Once the pictures are removed, restate the listing word for word.

Data for this exercise:

####

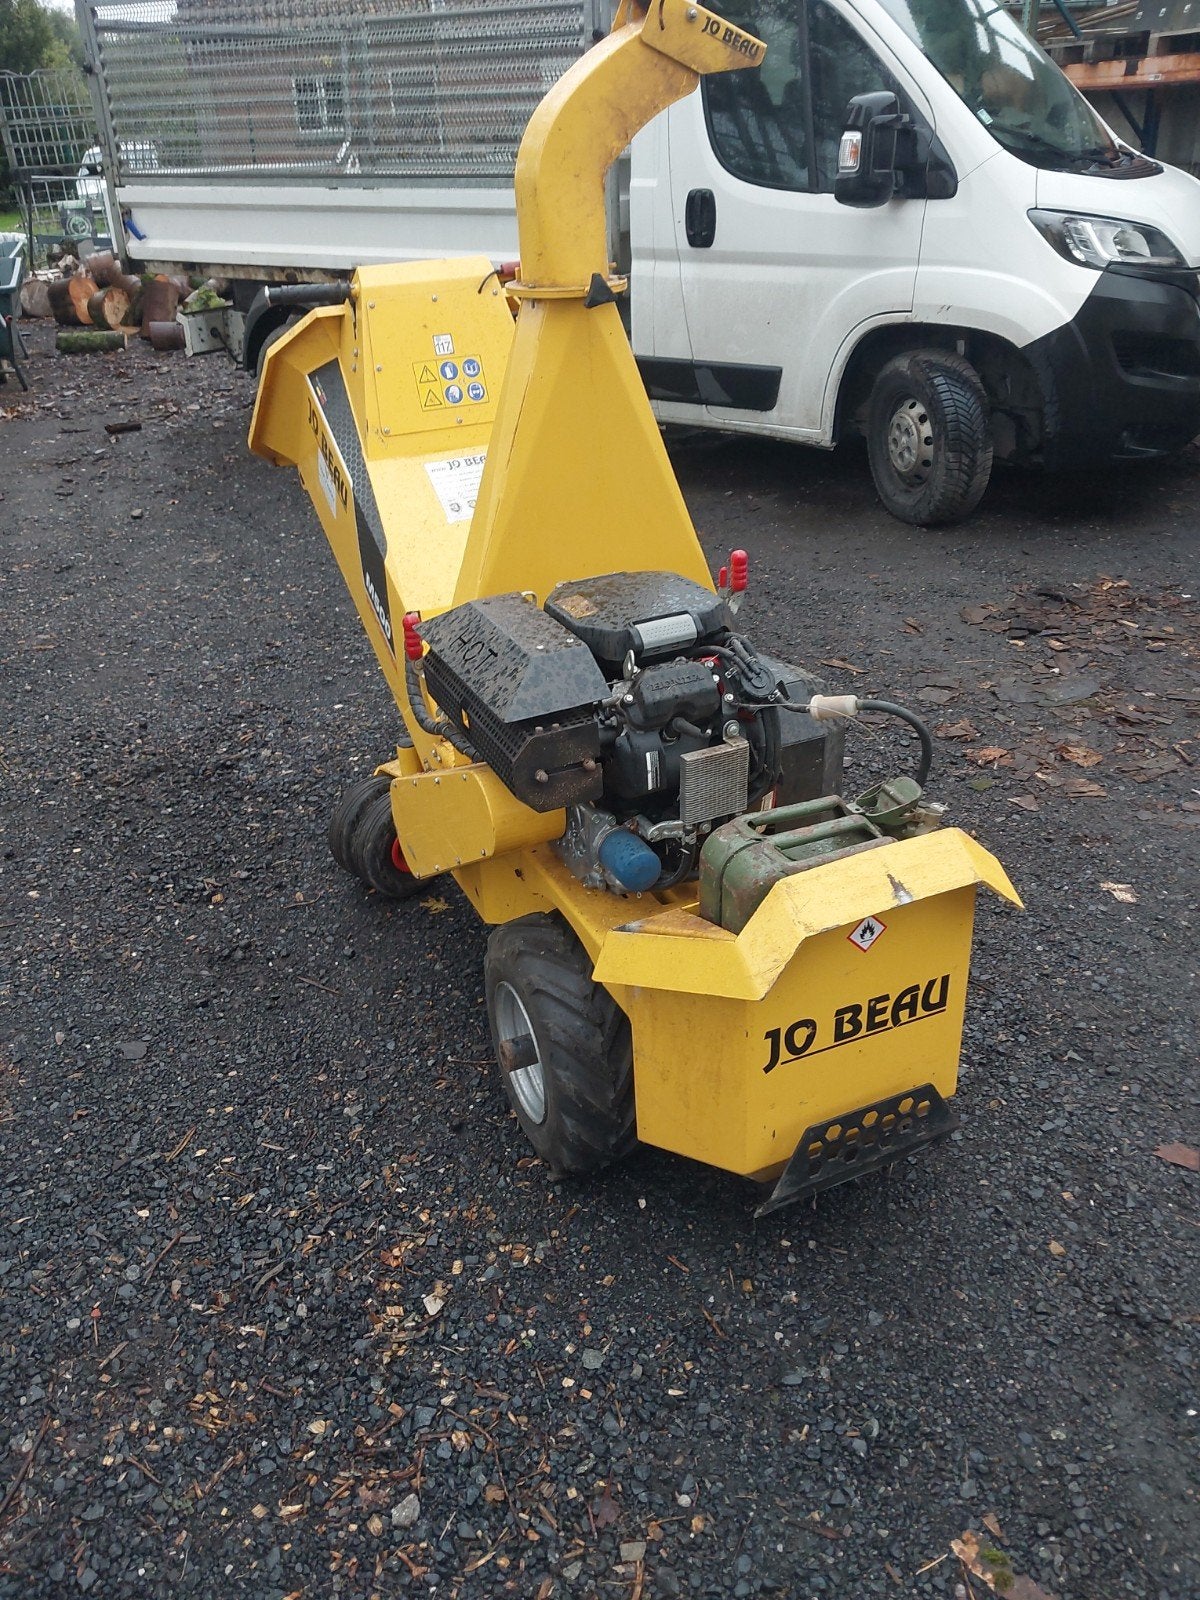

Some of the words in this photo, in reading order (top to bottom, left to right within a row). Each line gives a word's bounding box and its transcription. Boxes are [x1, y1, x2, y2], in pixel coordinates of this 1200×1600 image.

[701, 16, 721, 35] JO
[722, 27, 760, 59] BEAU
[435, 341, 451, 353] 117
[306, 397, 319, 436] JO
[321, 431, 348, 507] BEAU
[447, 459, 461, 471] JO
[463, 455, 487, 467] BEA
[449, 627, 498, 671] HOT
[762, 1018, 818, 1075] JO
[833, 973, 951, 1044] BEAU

####

Answer below:
Some of the words in this photo, in reading order (top to bottom, left to right within a row). Each line gives a word's bounding box and its transcription. Boxes are [x1, y1, x2, y2], in pixel coordinates of this 1200×1600 image.

[701, 16, 721, 35] JO
[722, 27, 760, 59] BEAU
[435, 341, 451, 353] 117
[306, 397, 319, 436] JO
[321, 431, 348, 507] BEAU
[447, 459, 461, 471] JO
[463, 455, 487, 467] BEA
[449, 627, 498, 671] HOT
[762, 1018, 818, 1075] JO
[833, 973, 951, 1044] BEAU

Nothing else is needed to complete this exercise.